**REQUIRED WORK**. Could you set down every record exactly as it appears?

**** DATA SUPPLIED

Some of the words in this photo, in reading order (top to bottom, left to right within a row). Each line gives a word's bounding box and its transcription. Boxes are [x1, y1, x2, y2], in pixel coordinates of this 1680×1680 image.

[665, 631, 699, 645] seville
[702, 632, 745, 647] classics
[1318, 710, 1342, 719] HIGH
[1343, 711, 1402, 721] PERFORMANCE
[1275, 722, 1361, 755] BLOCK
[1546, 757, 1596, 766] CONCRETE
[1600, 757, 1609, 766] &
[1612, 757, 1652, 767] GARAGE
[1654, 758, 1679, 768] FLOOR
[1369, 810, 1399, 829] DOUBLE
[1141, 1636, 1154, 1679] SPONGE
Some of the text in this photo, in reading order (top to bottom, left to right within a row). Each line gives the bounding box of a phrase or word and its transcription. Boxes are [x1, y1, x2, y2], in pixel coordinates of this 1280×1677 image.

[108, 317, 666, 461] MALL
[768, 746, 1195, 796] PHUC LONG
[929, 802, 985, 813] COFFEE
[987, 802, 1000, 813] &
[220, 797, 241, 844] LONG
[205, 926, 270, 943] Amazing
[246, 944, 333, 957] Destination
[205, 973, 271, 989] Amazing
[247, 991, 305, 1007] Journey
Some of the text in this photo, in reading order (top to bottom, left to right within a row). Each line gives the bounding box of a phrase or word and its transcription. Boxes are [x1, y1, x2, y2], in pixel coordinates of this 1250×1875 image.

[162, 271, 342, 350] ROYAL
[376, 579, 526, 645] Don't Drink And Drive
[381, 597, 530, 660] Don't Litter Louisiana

********

**SOLUTION FOR THIS PROBLEM**.
Some of the words in this photo, in reading order (top to bottom, left to right within a row). Each line gives a word's bounding box and its transcription. Boxes are [x1, y1, x2, y2], in pixel coordinates of this 1680×1680 image.

[665, 631, 699, 645] seville
[702, 632, 745, 647] classics
[1318, 710, 1342, 719] HIGH
[1343, 711, 1402, 721] PERFORMANCE
[1275, 722, 1361, 755] BLOCK
[1546, 757, 1596, 766] CONCRETE
[1600, 757, 1609, 766] &
[1612, 757, 1652, 767] GARAGE
[1654, 758, 1679, 768] FLOOR
[1369, 810, 1399, 829] DOUBLE
[1141, 1636, 1154, 1679] SPONGE
Some of the text in this photo, in reading order (top to bottom, left to right within a row). Each line gives the bounding box of a phrase or word and its transcription. Boxes are [x1, y1, x2, y2], in pixel coordinates of this 1280×1677 image.

[108, 317, 666, 461] MALL
[768, 746, 1195, 796] PHUC LONG
[929, 802, 985, 813] COFFEE
[987, 802, 1000, 813] &
[220, 797, 241, 844] LONG
[205, 926, 270, 943] Amazing
[246, 944, 333, 957] Destination
[205, 973, 271, 989] Amazing
[247, 991, 305, 1007] Journey
Some of the text in this photo, in reading order (top to bottom, left to right within a row). Each line gives the bounding box of a phrase or word and its transcription. Boxes are [x1, y1, x2, y2], in pixel coordinates of this 1250×1875 image.

[162, 271, 342, 350] ROYAL
[376, 579, 526, 645] Don't Drink And Drive
[381, 597, 530, 660] Don't Litter Louisiana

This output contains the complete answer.